A fire in the relay room would require use of an Appendix R fire shutdown procedure that would deenergize the PR-2B and vent valves' 125-volt direct current ( DC) circuits. The procedural action to deenergize the valves was previously accepted by the NRC as a post-fire mitigating action for these high-low pressure interface valves. Subsequently, modifications were made to the valves' cabling to enhance protection from a hot short by routing cabling in dedicated conduit. However, some of the cabling was left in cable trays in the relay room. Spurious opening of the valves could be postulated as follows: Control cable for the valves has fire damage resulting in an internal short between conductors; and, an external cable-to-cable hot short occurs with the power supply cable and another energized DC cable in the same cable tray (two concurrent DC hot shorts of the proper polarity from the same battery). This event is possible because current procedural guidance does not deenergize all of the DC cables in the cable tray containing the PORV and vent valve control and power cables. |
Event Description:
On September 11, 2008, while responding to a question during a NRC Triennial Fire Protection Inspection, the control cabling for pressurizer PORV PR-2B [PCV] was found to be vulnerable to spurious operation due to hot shorts in the event of a fire in the relay room (Fire Zone AX-30) as defined in NRC circuit analysis guidance for reactor coolant system (RCS) high-low pressure interfaces contained in Generic Letter 86-10.
This was reported in Event Notification#44482 on September 11, 2008 per 10 CFR 50.72(b)(3)(ii)(B).

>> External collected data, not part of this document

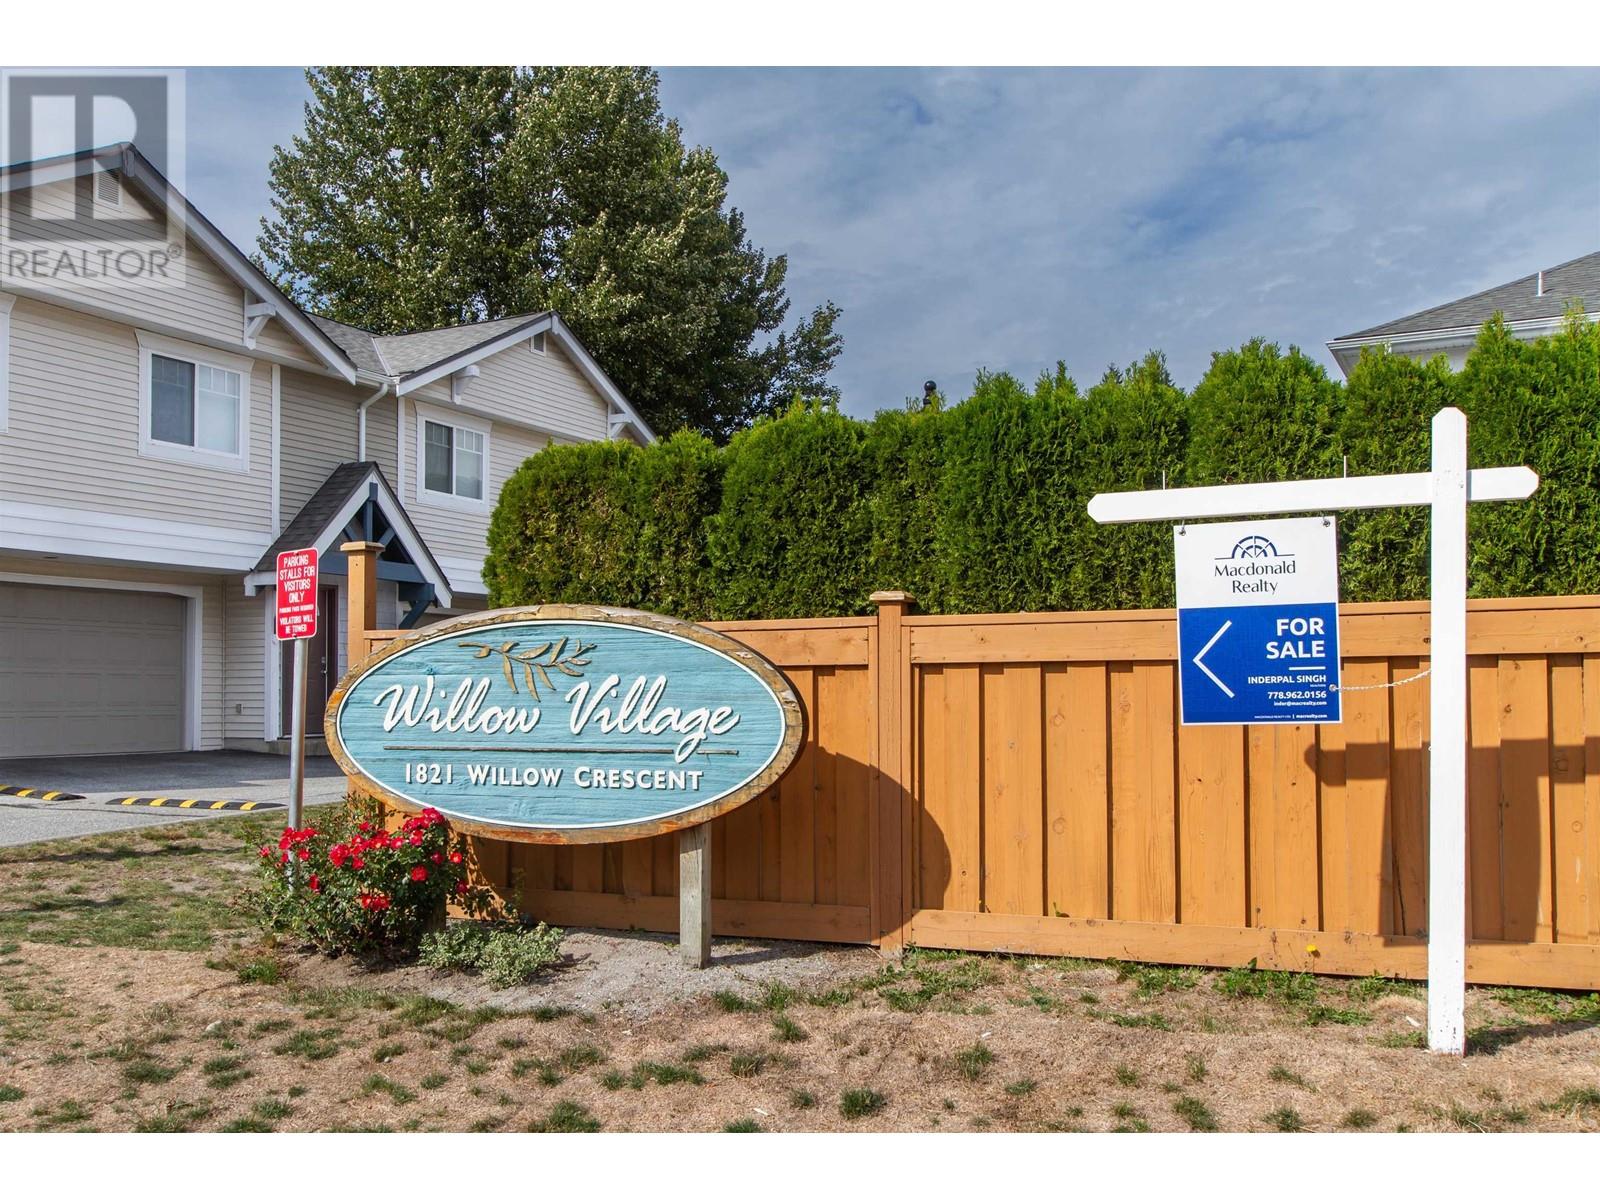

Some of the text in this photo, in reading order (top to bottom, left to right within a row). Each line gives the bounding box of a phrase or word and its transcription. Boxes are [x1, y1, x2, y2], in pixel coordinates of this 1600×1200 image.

[284, 555, 309, 568] PARKING
[1214, 560, 1296, 577] Macdonald
[280, 565, 316, 580] STALLS FOR
[284, 579, 311, 592] VISITORS
[1232, 579, 1278, 595] Realty
[289, 592, 305, 603] ONLY
[1276, 617, 1325, 636] FOR
[1266, 640, 1326, 659] SALE
[1247, 674, 1327, 684] INDERPAL SINGH
[1267, 690, 1327, 700] 778.962.0156
[373, 674, 741, 764] Willow Village
[404, 763, 453, 786] 1821

A review of other RCS high-low pressure interfaces was completed to confirm if the design change (DCR 2055) scope was implemented as intended by routing cables in conduit. A similar issue as found for PR-2B was identified for the pressurizer and reactor coolant system head vent valves [FSV] PR-33B, RC-45B, and RC-49. This also involves a hot short concern for a fire in the relay room. This was reported in Event Notification#44572 on October 15, 2008 per 10 CFR 50.72(b)(3)(ii)(B).
Pressurizer PORV PR-2B A fire in the relay room would require use of shutdown procedure AOP-FP-002, "Fire In Alternate Fire Zone.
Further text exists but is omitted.